#### [What to produce]
Since pictures do not belong in the copy, please repeat every record below exactly without them.

#### [Records for processing]

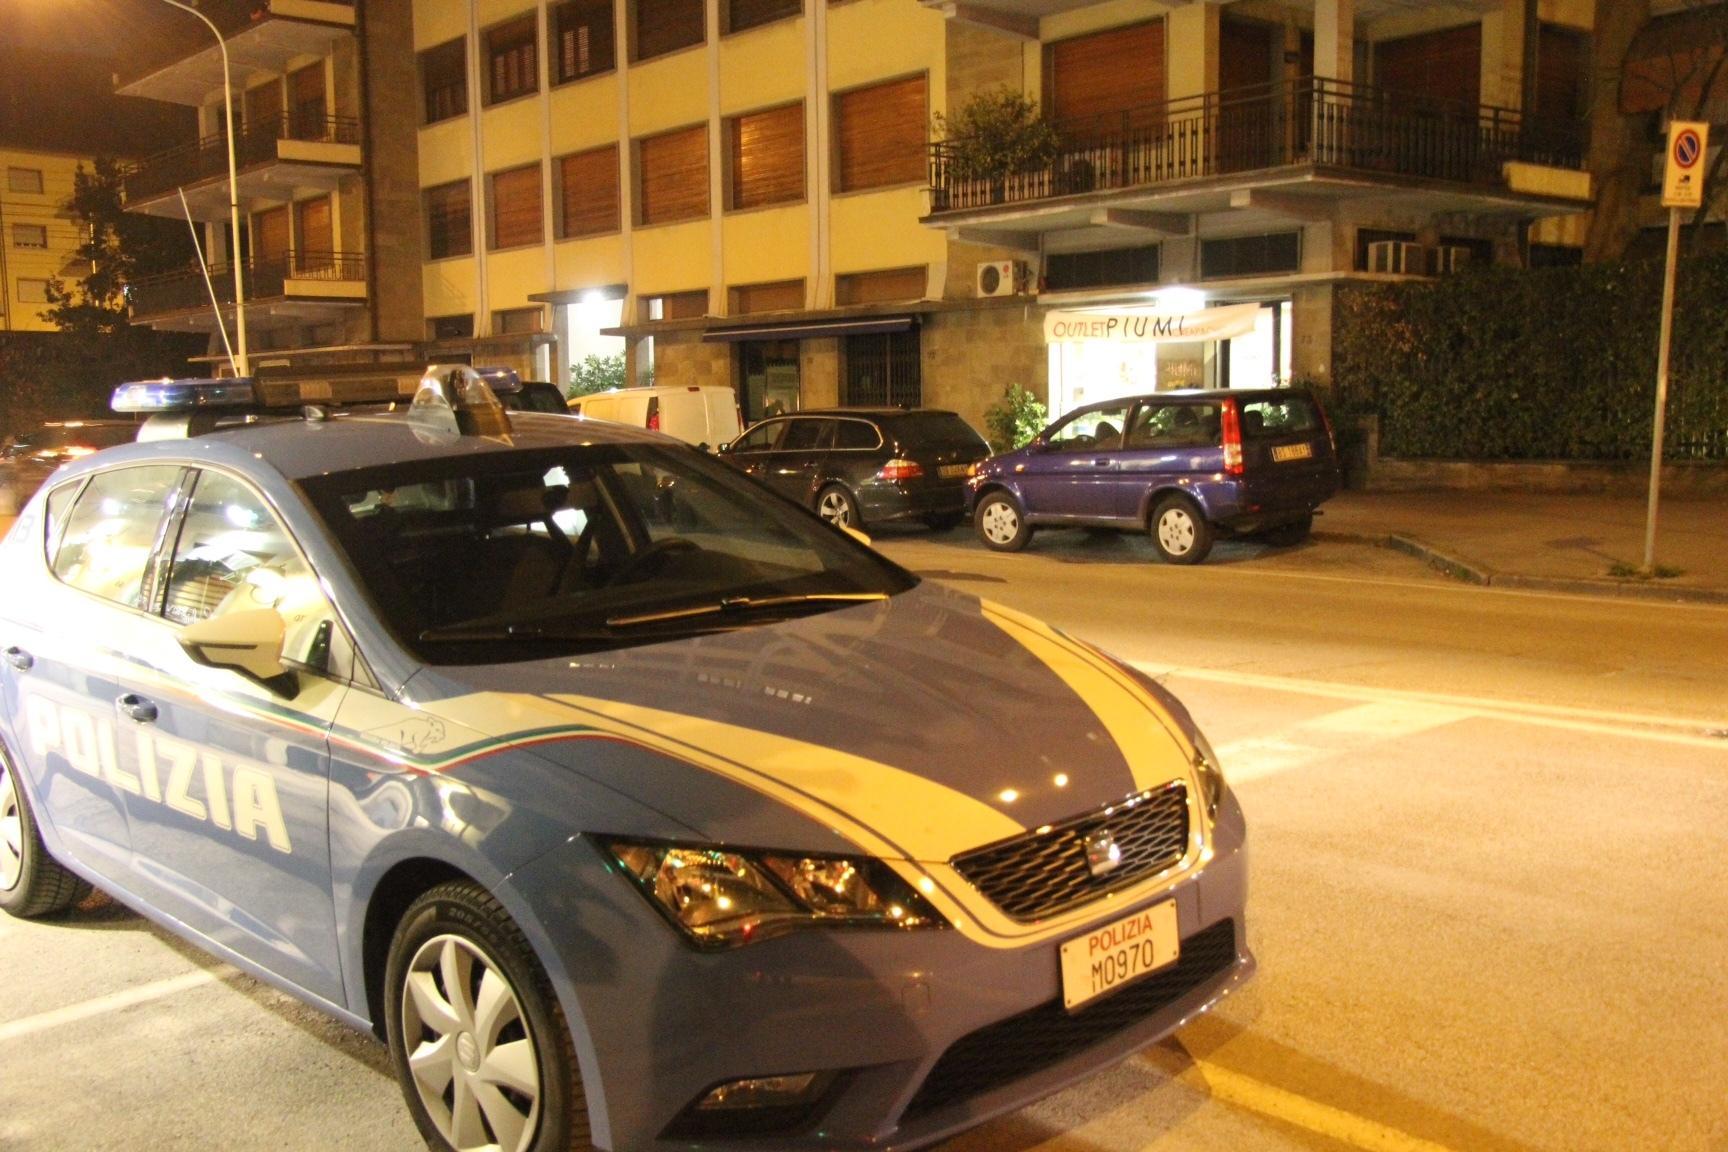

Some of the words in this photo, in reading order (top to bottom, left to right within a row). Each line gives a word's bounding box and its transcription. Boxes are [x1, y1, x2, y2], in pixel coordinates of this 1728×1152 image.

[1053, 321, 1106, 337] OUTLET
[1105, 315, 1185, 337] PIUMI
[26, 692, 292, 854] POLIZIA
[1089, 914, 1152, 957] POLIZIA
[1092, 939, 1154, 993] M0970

#### [Answer space]
Some of the words in this photo, in reading order (top to bottom, left to right within a row). Each line gives a word's bounding box and its transcription. Boxes are [x1, y1, x2, y2], in pixel coordinates of this 1728×1152 image.

[1053, 321, 1106, 337] OUTLET
[1105, 315, 1185, 337] PIUMI
[26, 692, 292, 854] POLIZIA
[1089, 914, 1152, 957] POLIZIA
[1092, 939, 1154, 993] M0970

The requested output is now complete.